● **What you need to do**:
Retype every entry below without pictures.

>>>>

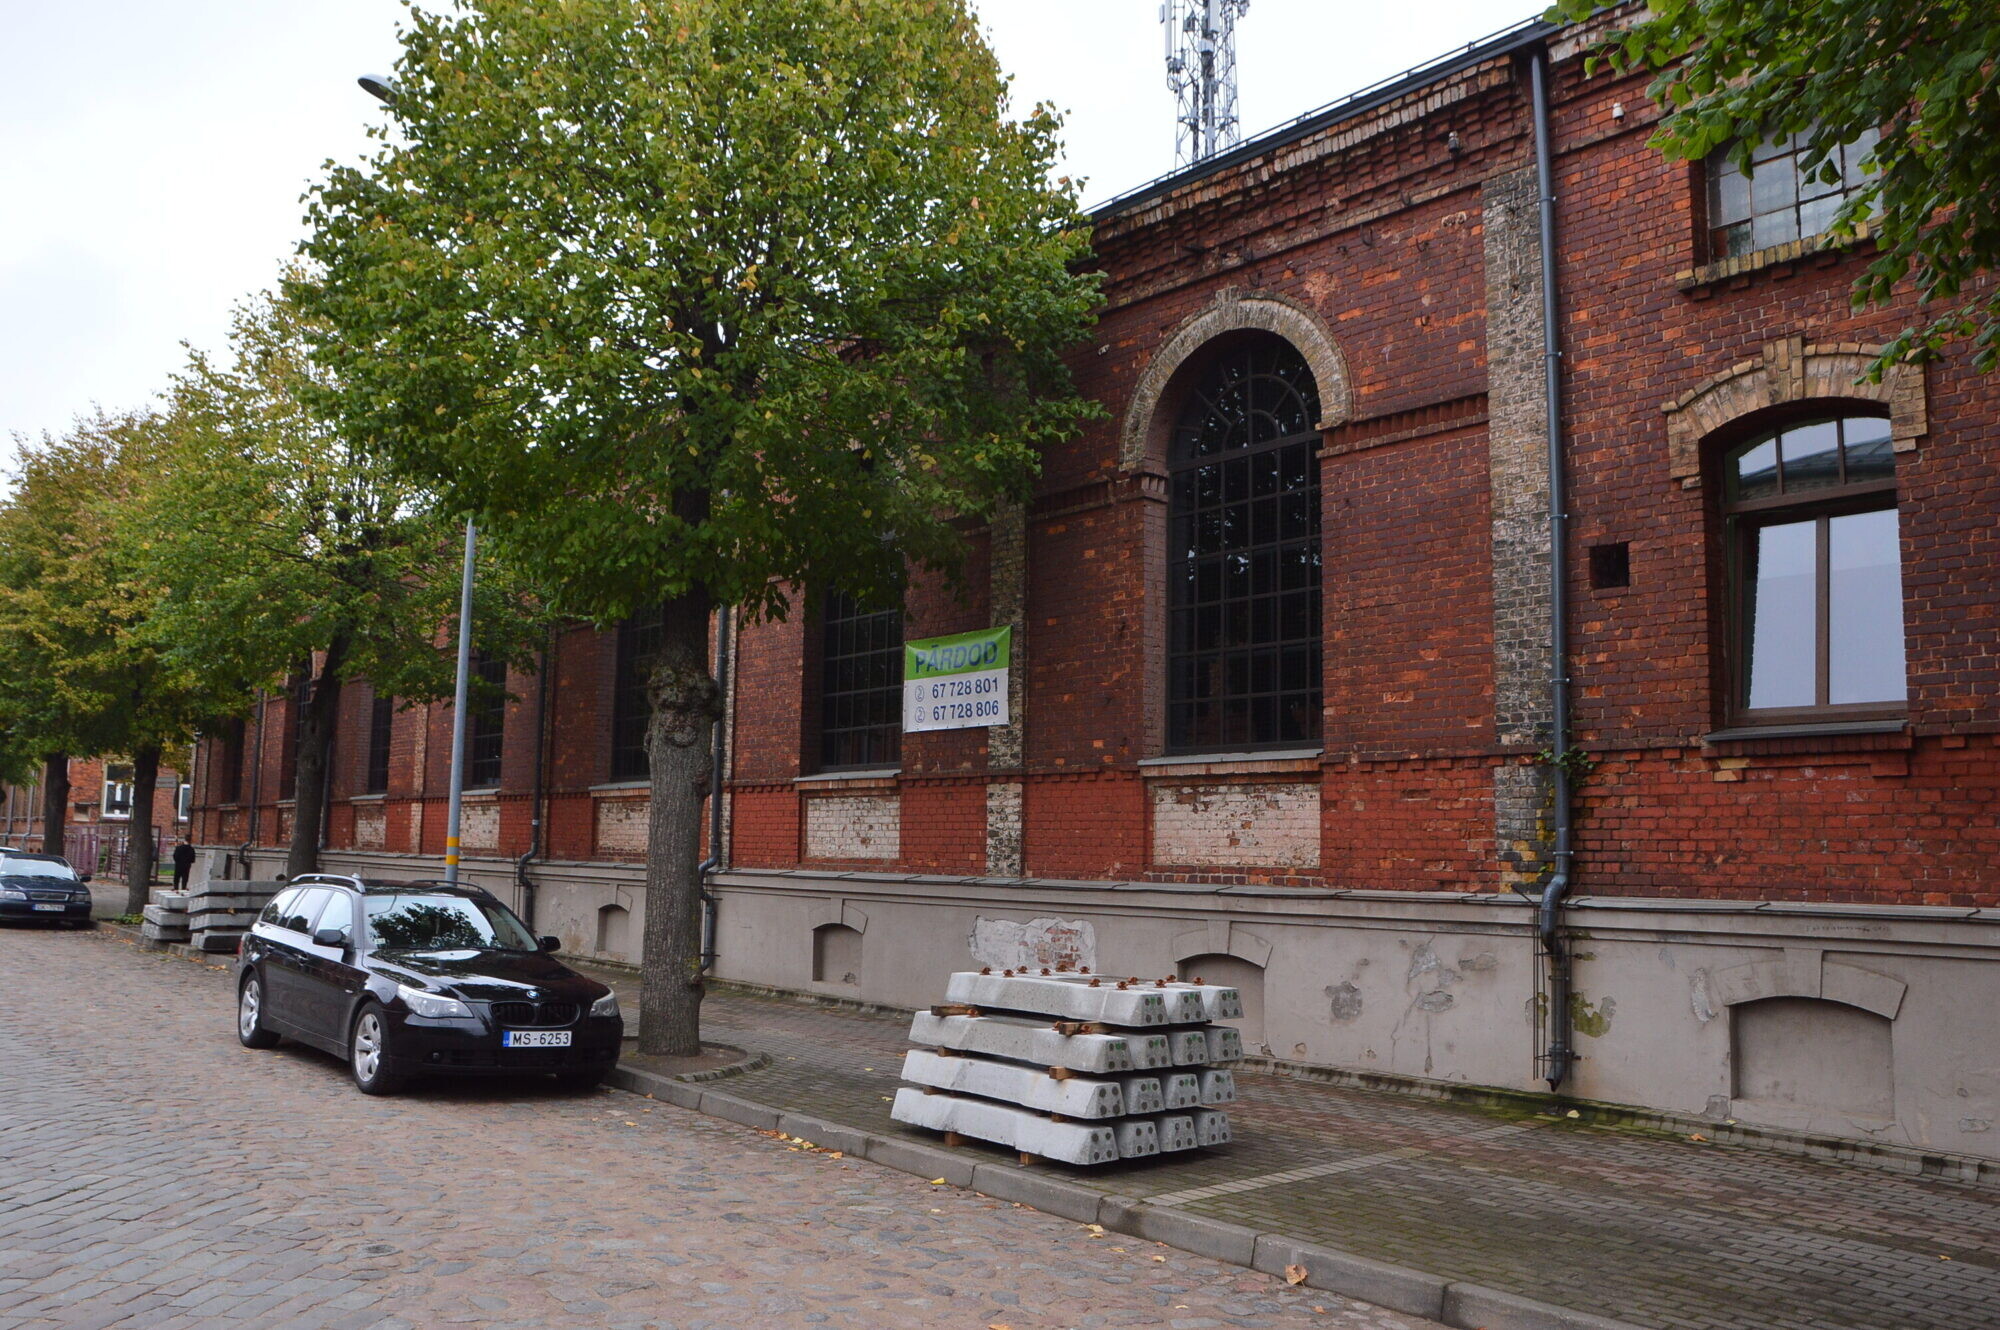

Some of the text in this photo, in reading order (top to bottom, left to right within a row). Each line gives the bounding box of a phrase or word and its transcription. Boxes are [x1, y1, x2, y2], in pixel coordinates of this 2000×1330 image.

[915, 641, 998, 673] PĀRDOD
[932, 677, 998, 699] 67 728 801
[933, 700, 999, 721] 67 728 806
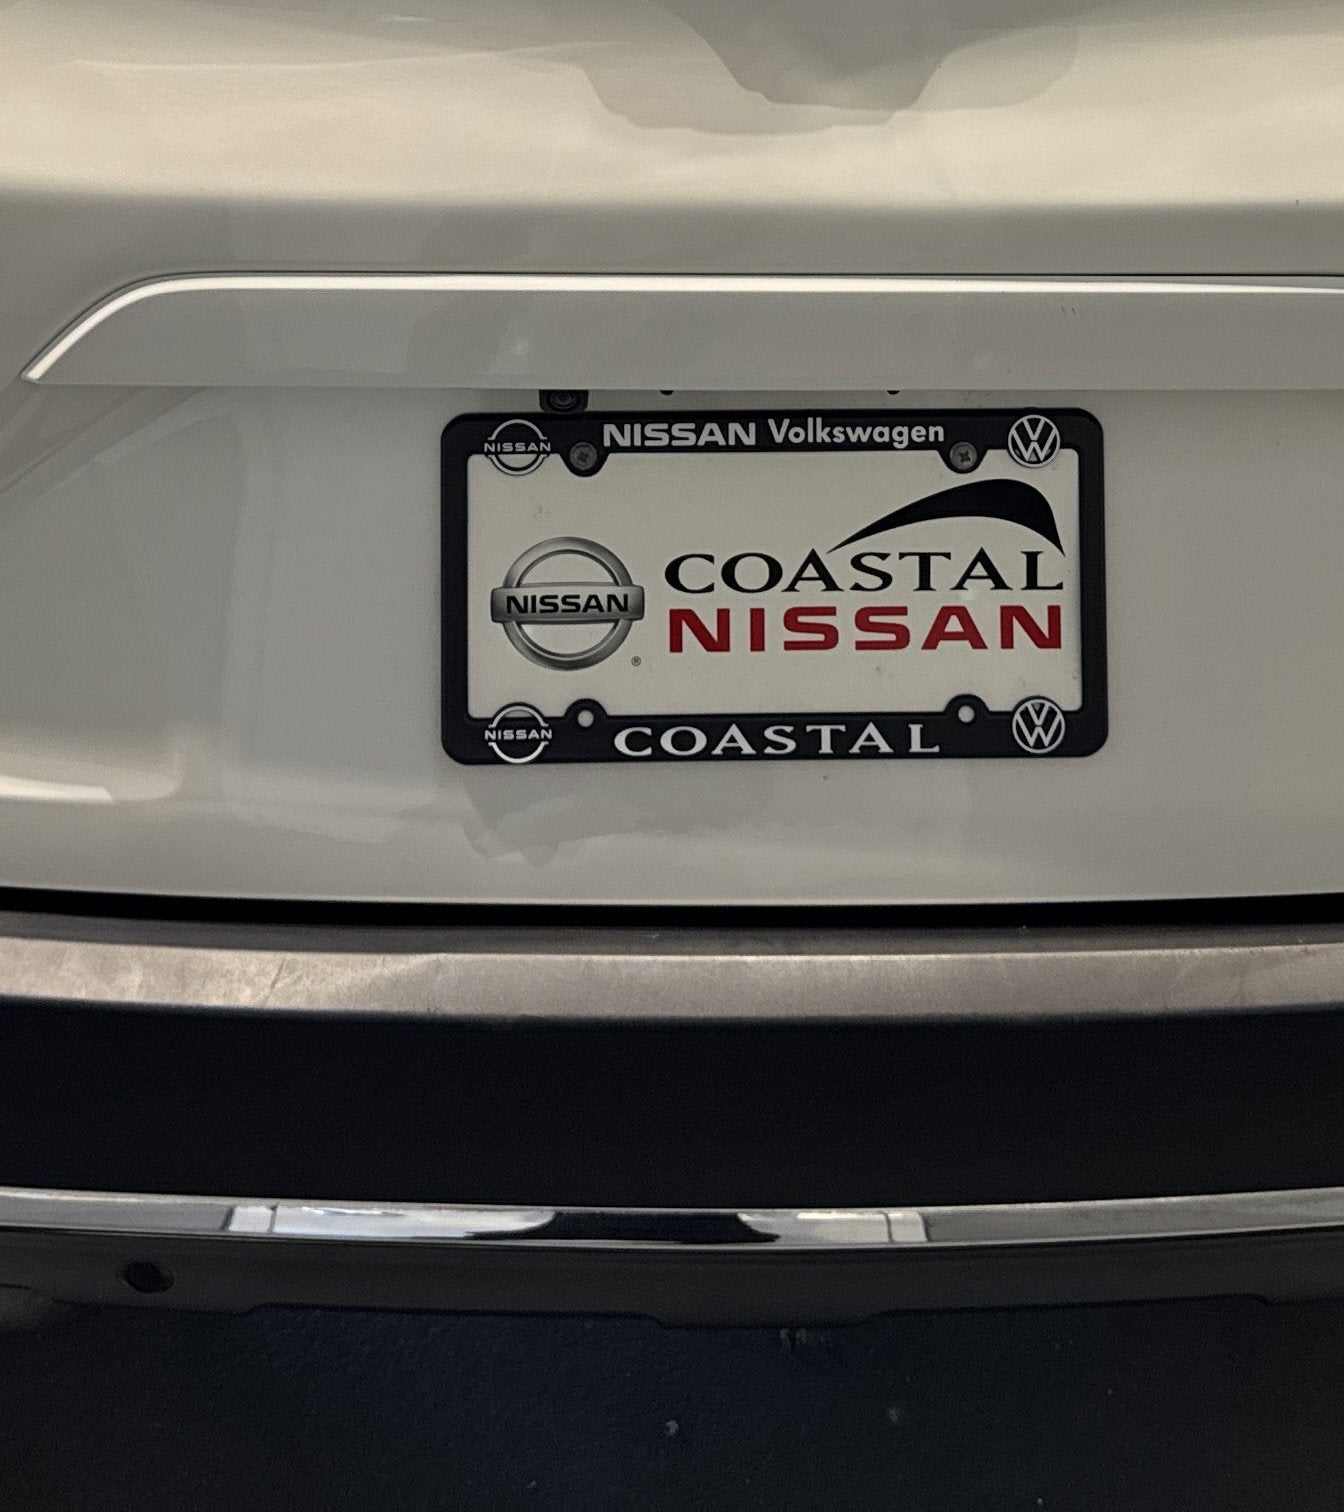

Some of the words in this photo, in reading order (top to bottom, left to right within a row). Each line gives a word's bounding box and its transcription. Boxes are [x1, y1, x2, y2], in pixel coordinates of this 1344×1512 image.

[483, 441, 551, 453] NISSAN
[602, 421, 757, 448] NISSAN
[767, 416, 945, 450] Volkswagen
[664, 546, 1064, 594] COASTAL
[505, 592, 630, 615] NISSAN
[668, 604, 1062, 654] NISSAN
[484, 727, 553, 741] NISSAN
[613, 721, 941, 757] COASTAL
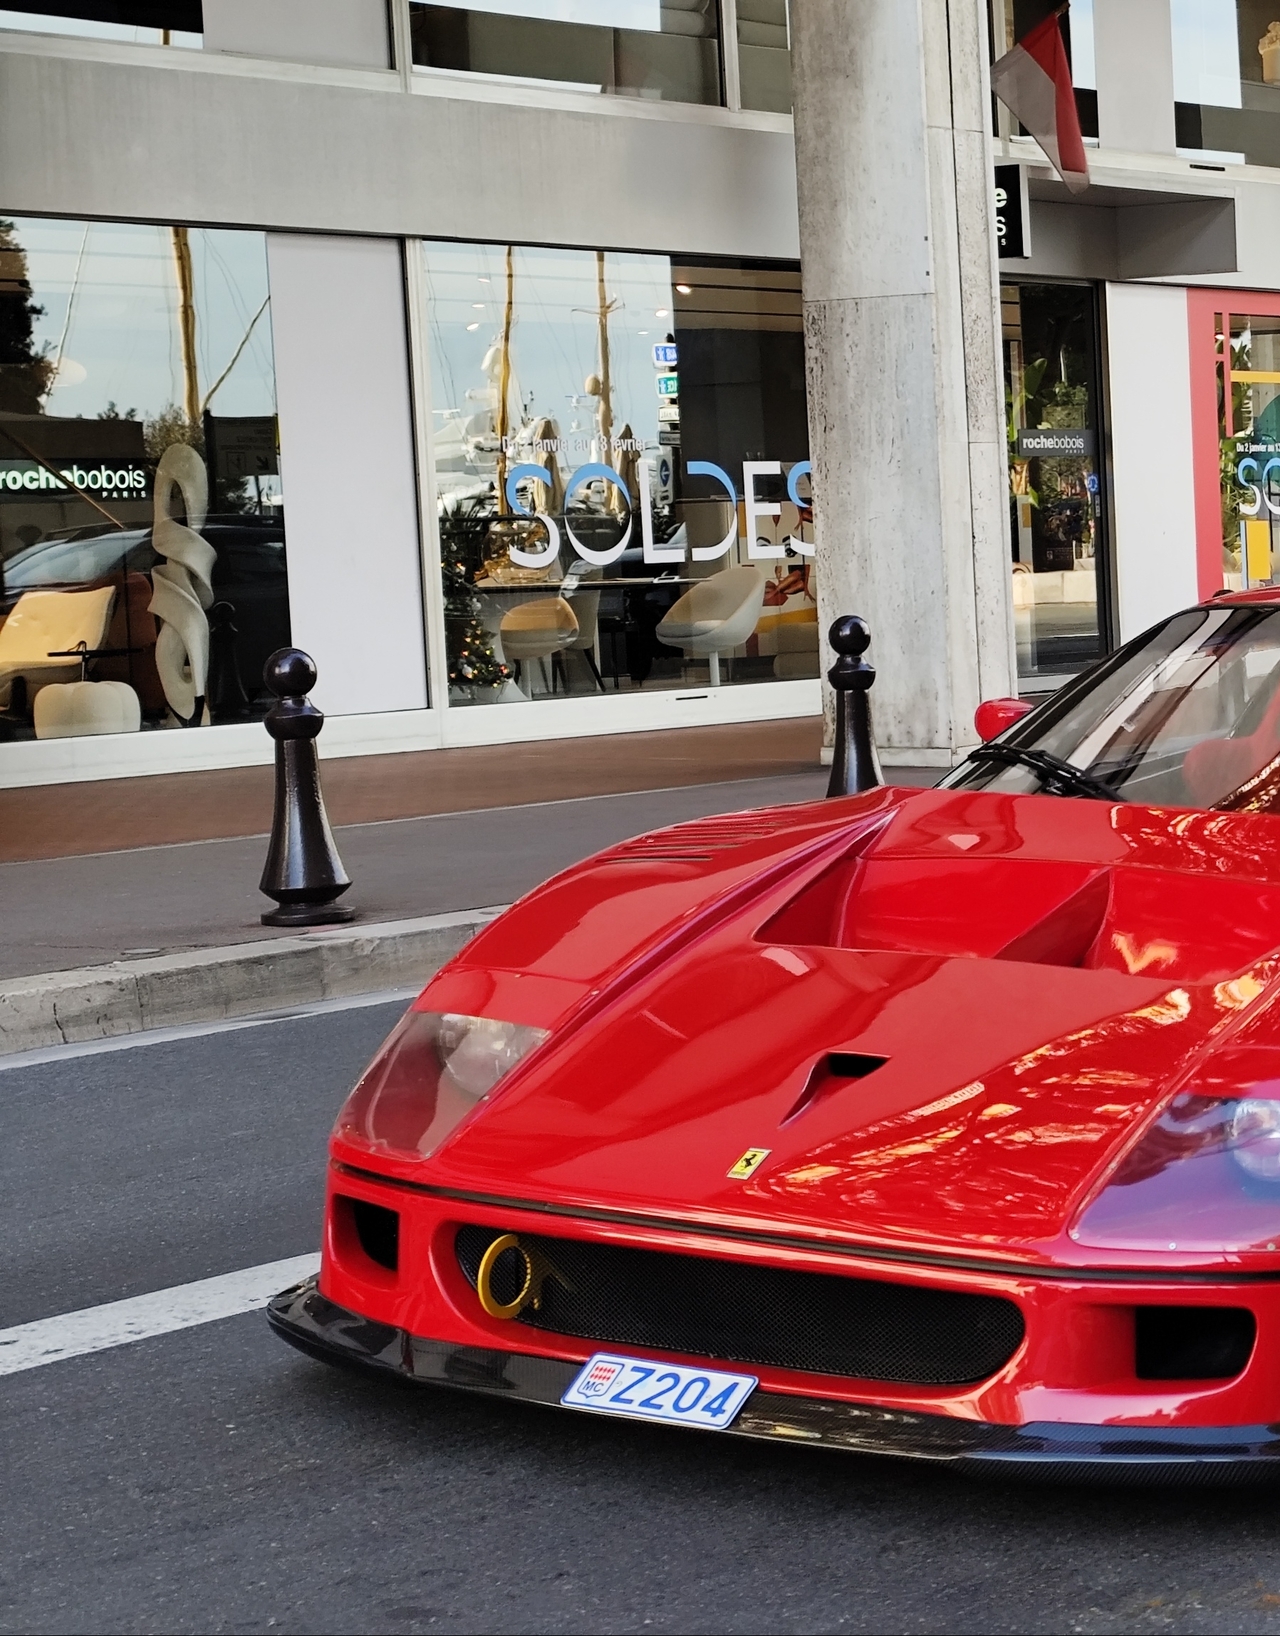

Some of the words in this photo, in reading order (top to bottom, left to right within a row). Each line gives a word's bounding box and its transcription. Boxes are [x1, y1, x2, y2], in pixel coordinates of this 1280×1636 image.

<<<<

● **Written response**:
Some of the text in this photo, in reading order (top to bottom, left to right within a row). Each line gives the bounding box of a phrase or word and its transcription. Boxes are [x1, y1, x2, y2], in pixel coordinates of this 2000×1330 image.

[915, 641, 998, 673] PĀRDOD
[932, 677, 998, 699] 67 728 801
[933, 700, 999, 721] 67 728 806

Some of the words in this photo, in reading order (top to bottom, left to right within a row). Each line gives a word's bounding box and its transcription. Boxes are [x1, y1, x2, y2], in pixel coordinates of this 1344×1512 image.

[483, 441, 551, 453] NISSAN
[602, 421, 757, 448] NISSAN
[767, 416, 945, 450] Volkswagen
[664, 546, 1064, 594] COASTAL
[505, 592, 630, 615] NISSAN
[668, 604, 1062, 654] NISSAN
[484, 727, 553, 741] NISSAN
[613, 721, 941, 757] COASTAL

Some of the words in this photo, in reading order (top to bottom, left to right within a row). Each line gives a word's bounding box and its transcription. Boxes are [x1, y1, x2, y2], in pixel coordinates of this 1280×1636 image.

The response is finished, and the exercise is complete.